● **Directions for this task**: Copy all the entries word for word, but omit the pictures.

● **Records for the exercise**:
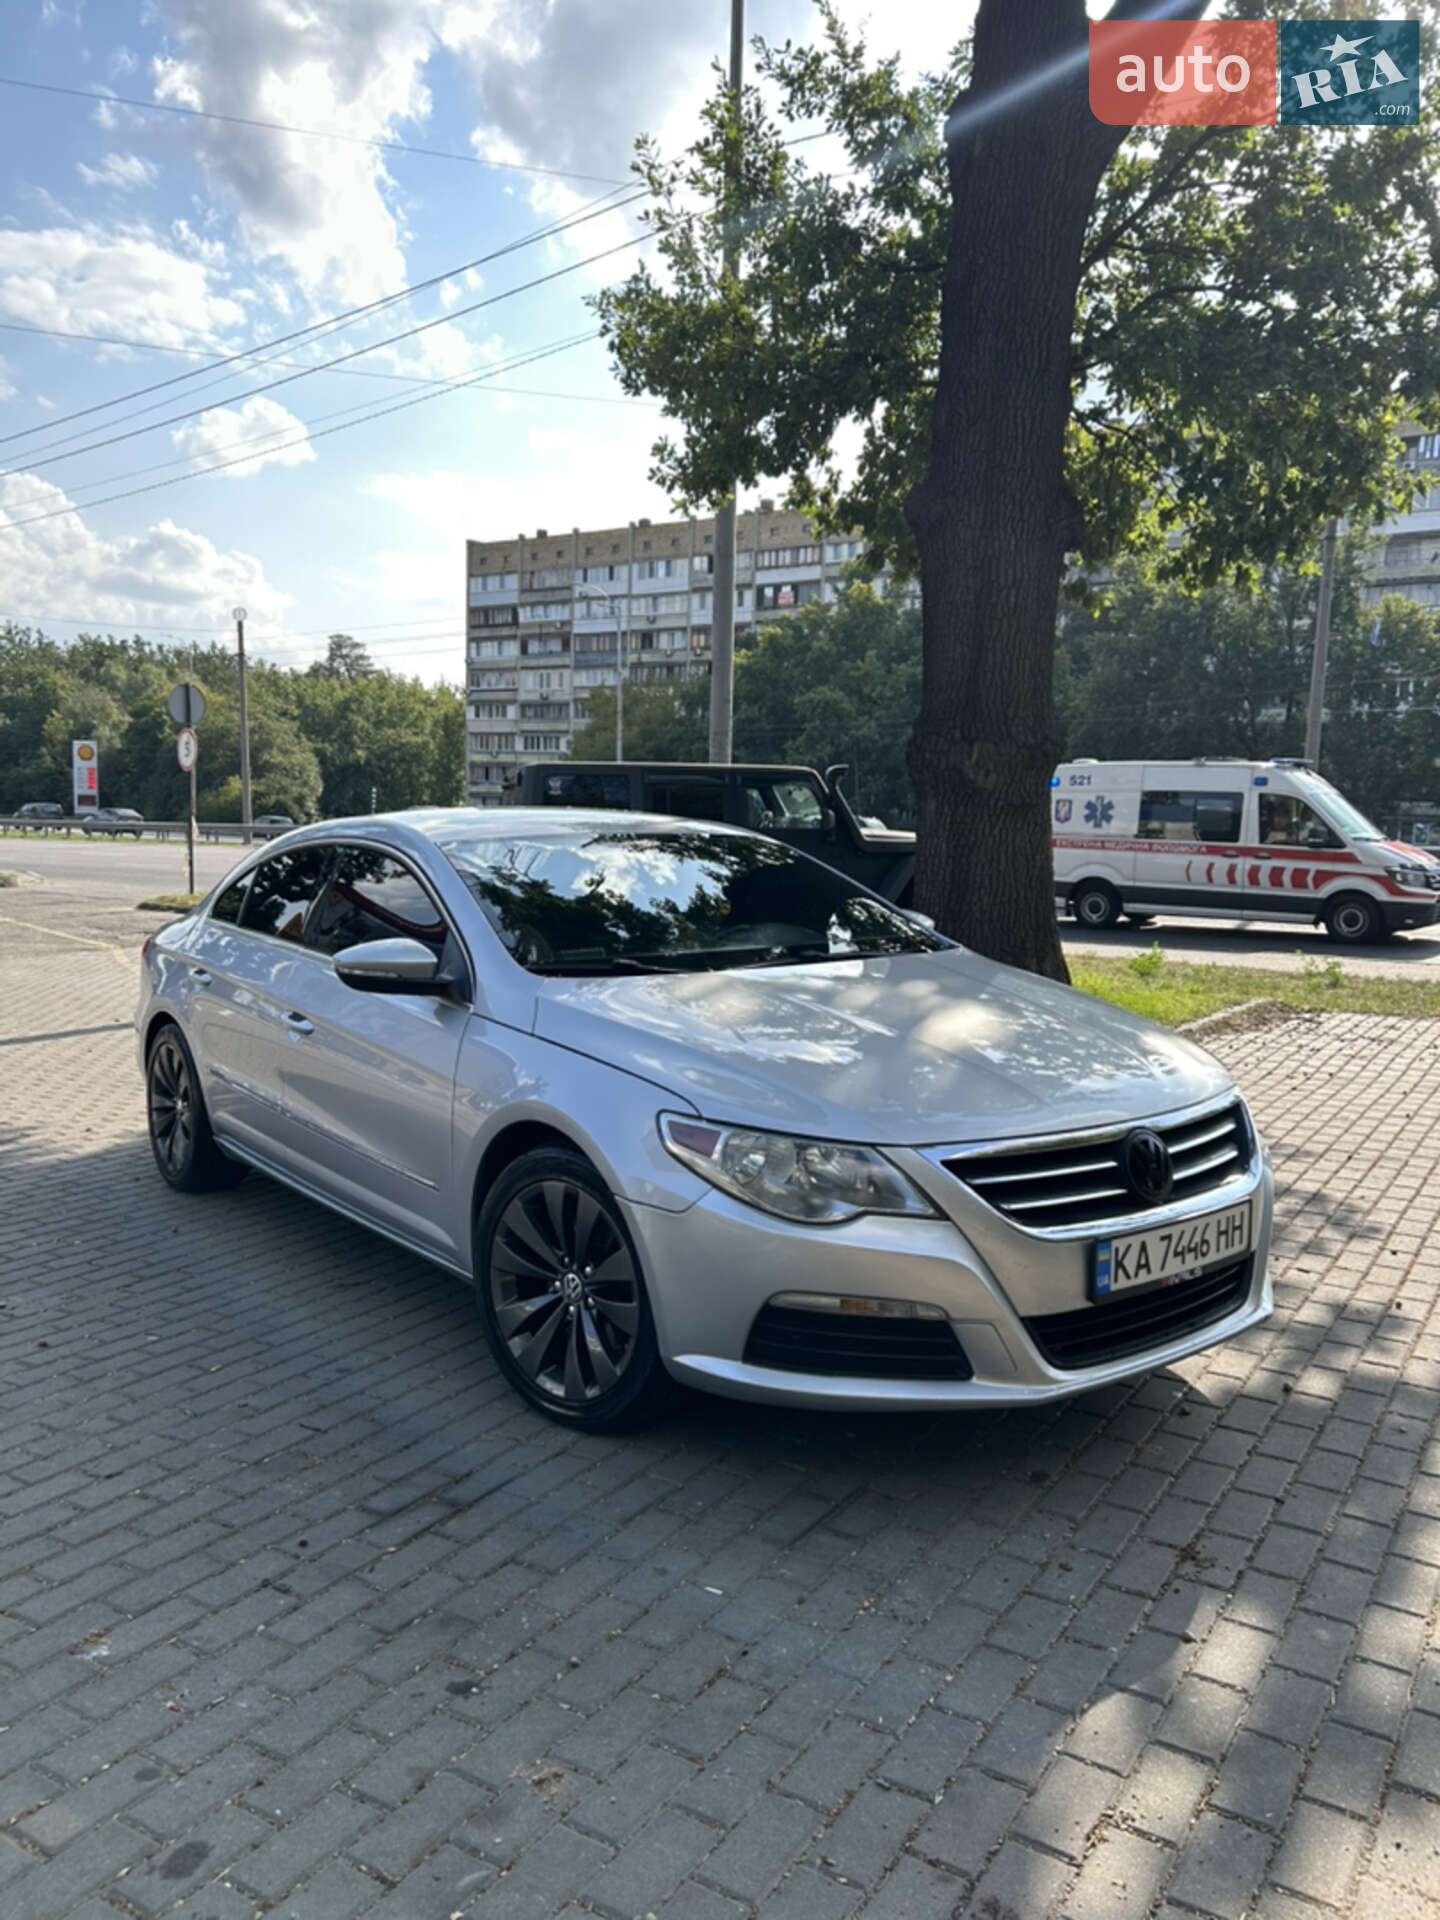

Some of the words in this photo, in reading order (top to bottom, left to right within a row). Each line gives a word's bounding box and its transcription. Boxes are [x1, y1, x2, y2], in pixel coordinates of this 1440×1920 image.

[1069, 774, 1092, 786] 521
[1113, 1240, 1151, 1283] KA
[1160, 1222, 1211, 1272] 7446
[1216, 1212, 1244, 1253] HH

● **Reply**:
Some of the words in this photo, in reading order (top to bottom, left to right within a row). Each line gives a word's bounding box and its transcription. Boxes are [x1, y1, x2, y2], in pixel coordinates of this 1440×1920 image.

[1069, 774, 1092, 786] 521
[1113, 1240, 1151, 1283] KA
[1160, 1222, 1211, 1272] 7446
[1216, 1212, 1244, 1253] HH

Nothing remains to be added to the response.